LAMARAN BANG DHIA'

Start from the beginning
                                    

"Adek... adek hanya gak mau kecewa lagi mas. Cukup dulu adek terluka. Adek gak mau mas. Adek gak mau. Toh adek juga bahagia dengan hidup adek saat ini. adek gak perlu mereka. Adek bahagia mas."

"Kamu sadar apa yang kamu katakan? Kamu lupa bahwa menikah itu adalah ibadah yang disunnahkan oleh Rasulullah? Kamu mau tidak diakui sebagai golongannya karena kamu membenci sunnahnya? Enggak kan dek?" tanyaku dibalas gelengan pelan oleh Ina.

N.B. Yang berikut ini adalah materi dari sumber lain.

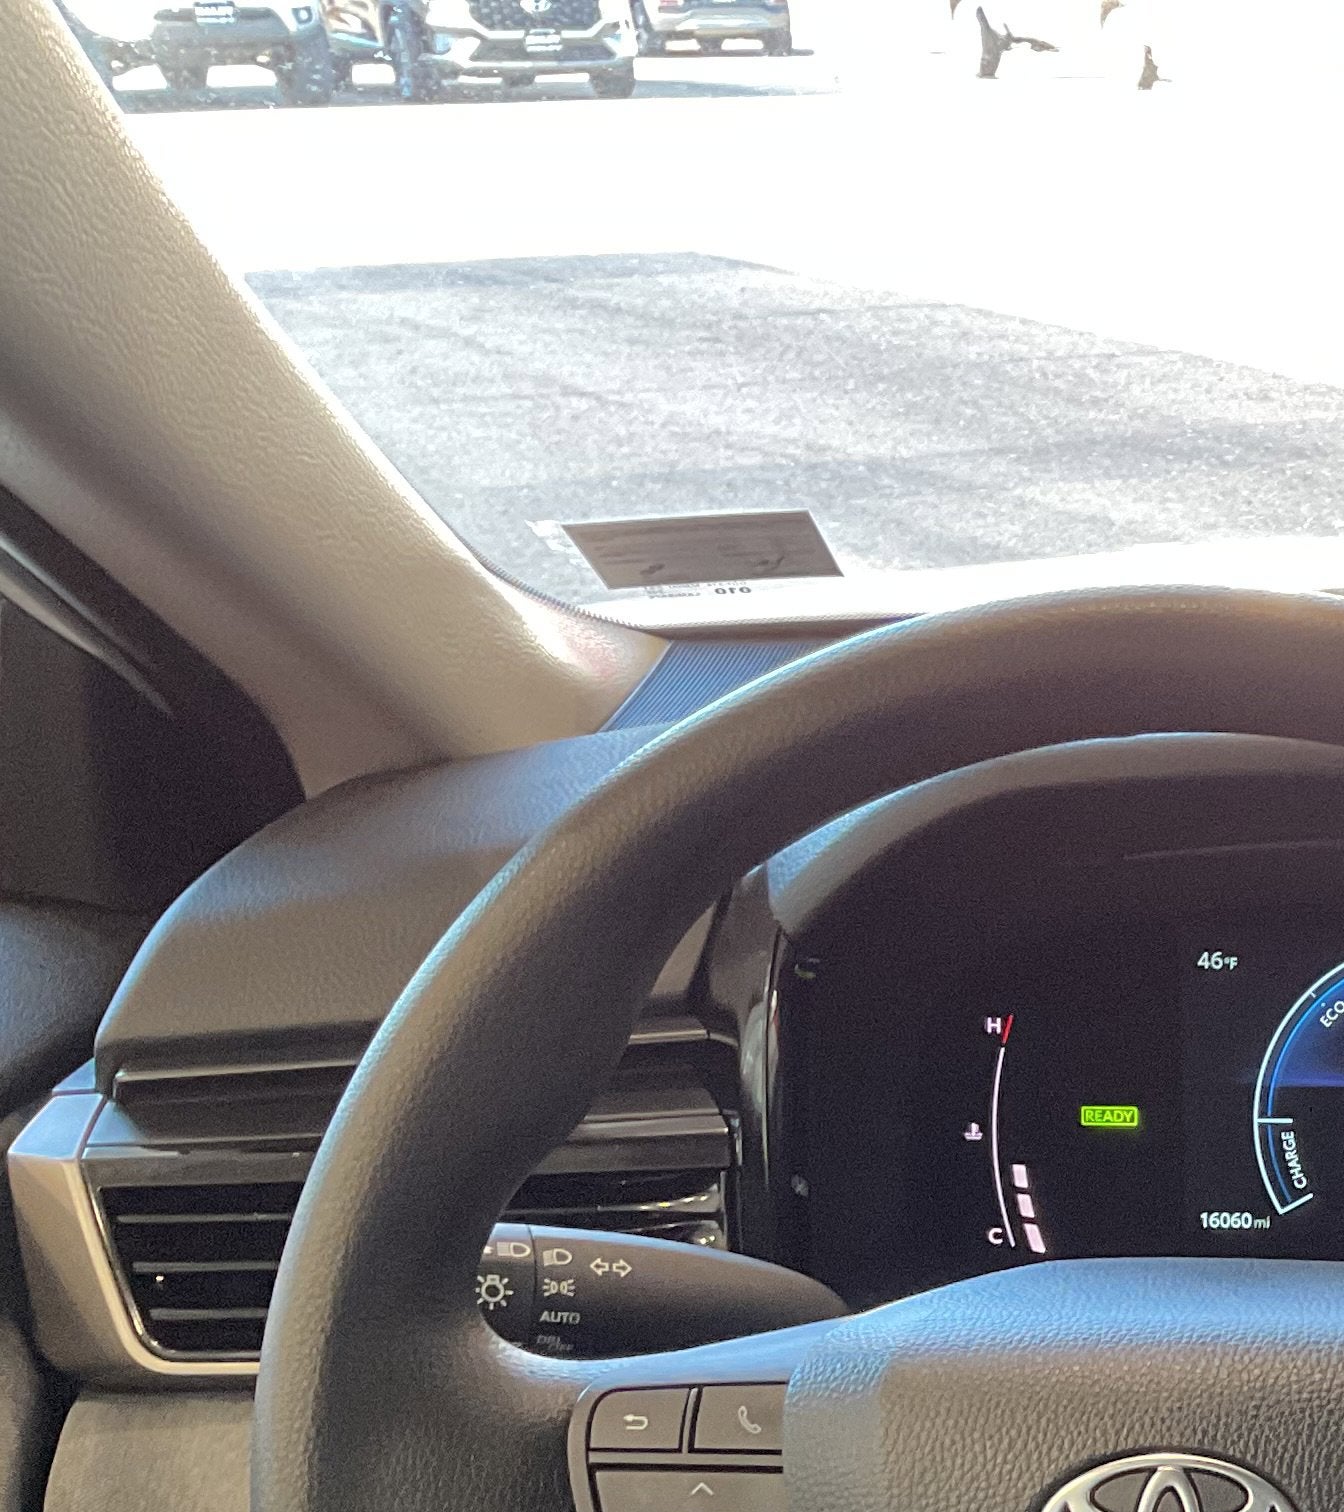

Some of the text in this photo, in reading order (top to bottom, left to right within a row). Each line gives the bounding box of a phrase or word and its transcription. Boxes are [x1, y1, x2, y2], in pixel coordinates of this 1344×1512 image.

[986, 1016, 1002, 1034] H
[1084, 1111, 1135, 1123] READY
[1280, 1130, 1308, 1190] CHARGE
[988, 1227, 1003, 1244] C
[539, 1310, 581, 1325] AUTO

"Tapi apa ada ikhwan yang mau menerima adek dengan segala kekurangan adek?"

"Kita belum mencoba bukan? Dicoba dulu dek. Sekarang kamu siap-siap 5 menit lagi keluar bareng mas. Gih."

"Tapi mas..."

"Apapun keputusan adek saat ini mas akan selalu mendukung kamu. Mas percaya adek bungsu mas ini udah dewasa sekarang." Kataku meyakinkan Ina.

"Makasih mas."

"Udah cepet dandan yang cantik. Biar gak kelihatan kalau habis nangis. mas tunggu." Kata ku sambil menghapus airmata adikku ini.

Benar, Ina hanya perlu waktu lima menit untuk merapikan tampilannya. Meskipun sederhana tapi aura kecantikan Ina selalu terpancar dari wajahnya. Bersamaku, Ina berjalan menuju ruang tamu tempat semua tamu berkumpul. Melihat Ina bersama ku Bagas langsung berontak minta digendong oleh Ina. ina meraihnya dengan senang hati.

"Maaf ya mas Ihsan dan mbak Naira, mbujuk Ina emang agak susah. Ya cuma sama masnya ini dia baru bisa luluh." Kata Om Rizal mencairkan suasana.

"Iya gakpapa kok Zal... santai aja. Syila kadang-kadang juga gitu kok. tanya saja sama Azka."

"Ayah pinter banget deh kalau jatuhin anak sendiri." gumam Syila kesal. Aku yang duduk disampingnya hanya bisa tersenyum mendengar gerutuan istriku ini.

"Baiklah karena Ina sudah ada disini kita mulai saja ya acaranya. Silahkan Dhia'" kata Om Rizal membuat Ina semakin bingung. Sepertinya Ina belum menyadari kalau Ikhwan itu adalah Bang Dhia'.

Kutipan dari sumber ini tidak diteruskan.